Answer
${\bf 5.46}\;\rm MeV$
Work Step by Step
To find the energy of the alpha particle emitted during the radioactive decay of $^{222}\rm{Rn}$, we can use the principles of cyclotron motion in a magnetic field.

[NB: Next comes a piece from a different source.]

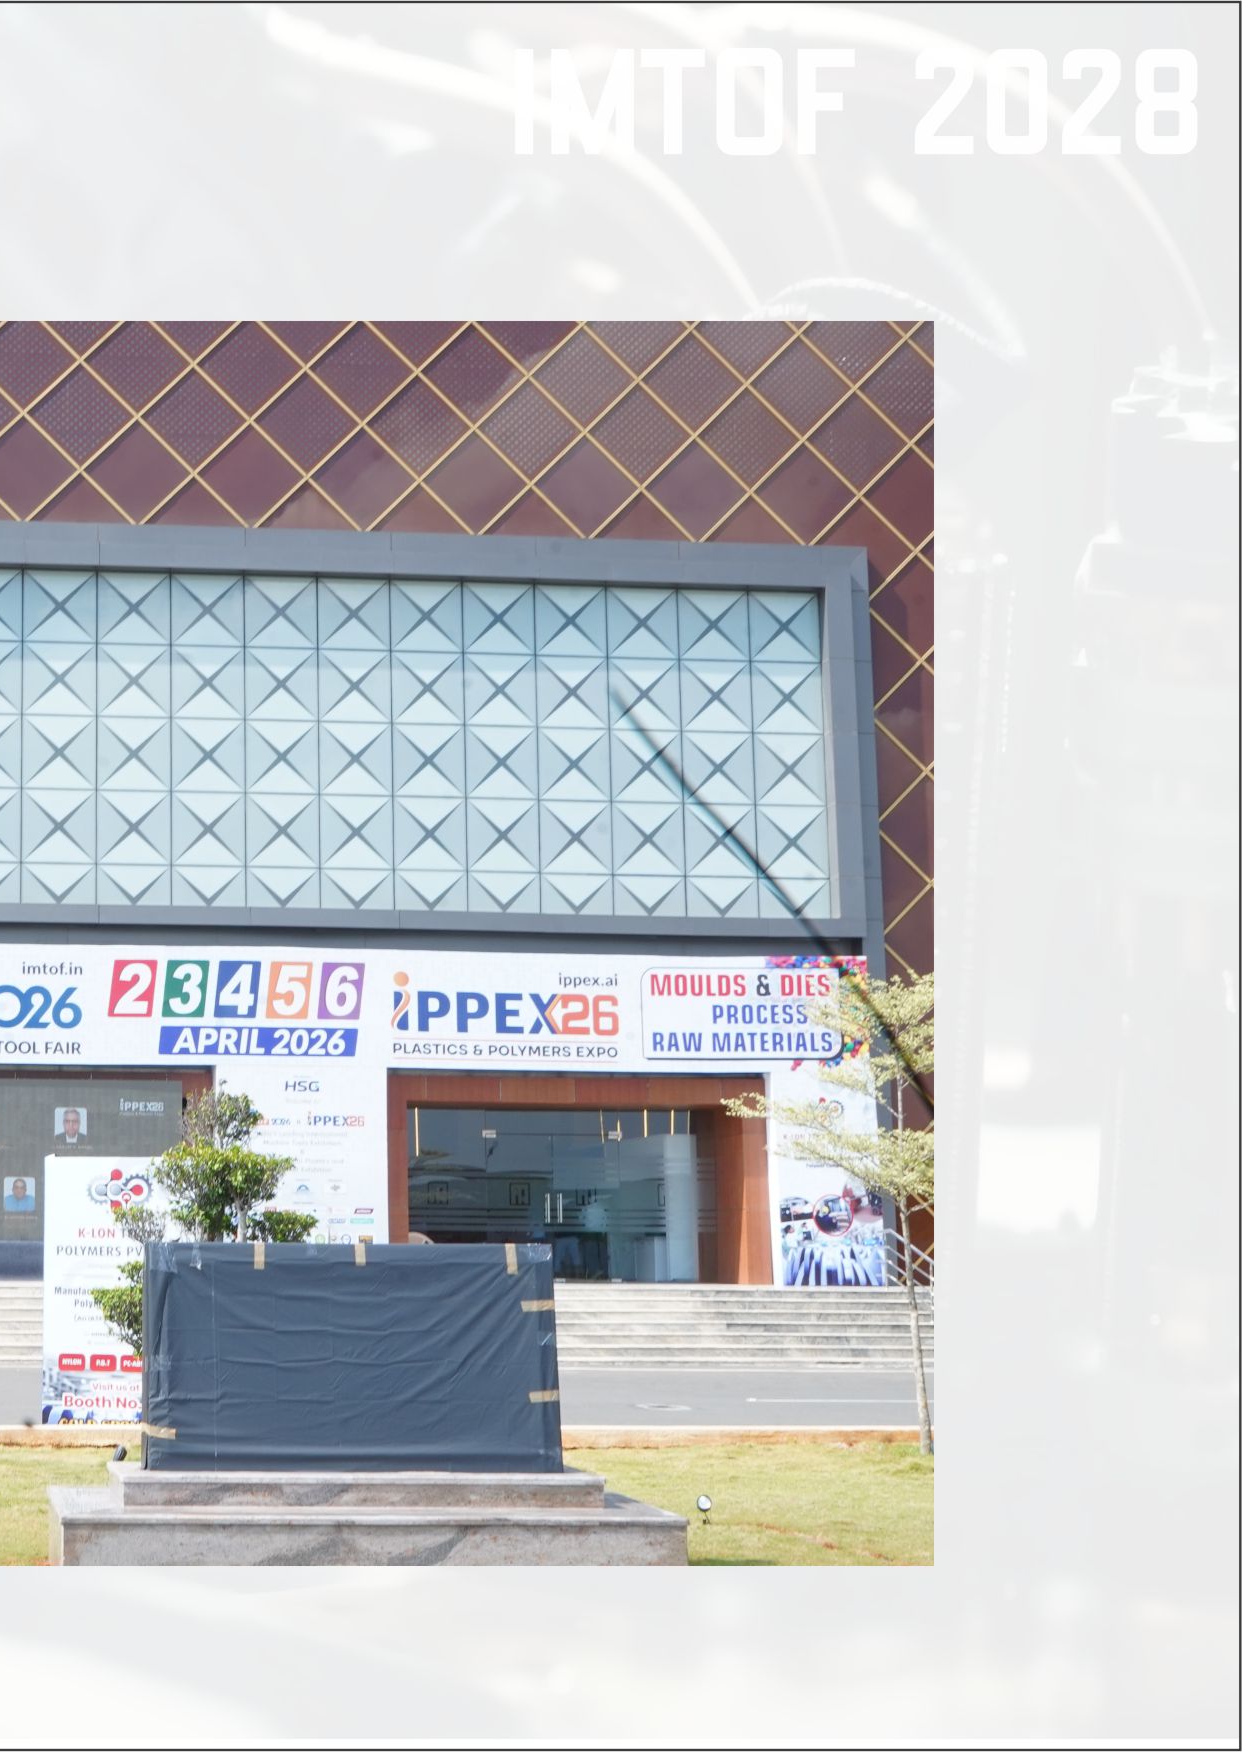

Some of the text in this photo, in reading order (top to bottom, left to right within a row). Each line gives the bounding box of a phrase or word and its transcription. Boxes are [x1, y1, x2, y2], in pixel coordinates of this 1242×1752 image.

The centripetal force acting on the alpha particle in its cyclotron motion is provided by the magnetic force. The formula for the magnetic force on a charged particle moving perpendicular to a magnetic field is:
$$F = qvB $$
and according to Newton's second law,
$$F = \frac{mv^2}{r} $$
Thus,
$$qvB = \frac{mv^2}{r}$$
We can solve for the velocity of the alpha particle:
$$ v = \frac{qBr}{m} \tag 1$$
The kinetic energy of the alpha particle is given by:
$$K = \frac{1}{2}mv^2 $$
Plug from (1);
$$K = \frac{1}{2}m\left[\frac{qBr}{m} \right]^2 $$
The charge of an alpha particle is twice the charge of a proton, $q=2e$, and its mass is 4 times the mass of one proton, $m=4m_p$
$$K = \frac{4e^2B^2r^2}{2(4m_p)} $$
$$K = \frac{ e^2B^2r^2}{ 2m_p} $$
Plug the known;
$$K = \frac{ (1.6\times 10^{-19})^2(0.75)^2(0.45)^2}{ 2 (1.67\times 10^{-27})} $$
$$K=\bf 8.73054\times 10^{-13}\;\rm J=\color{red}{\bf 5.46}\;\rm MeV$$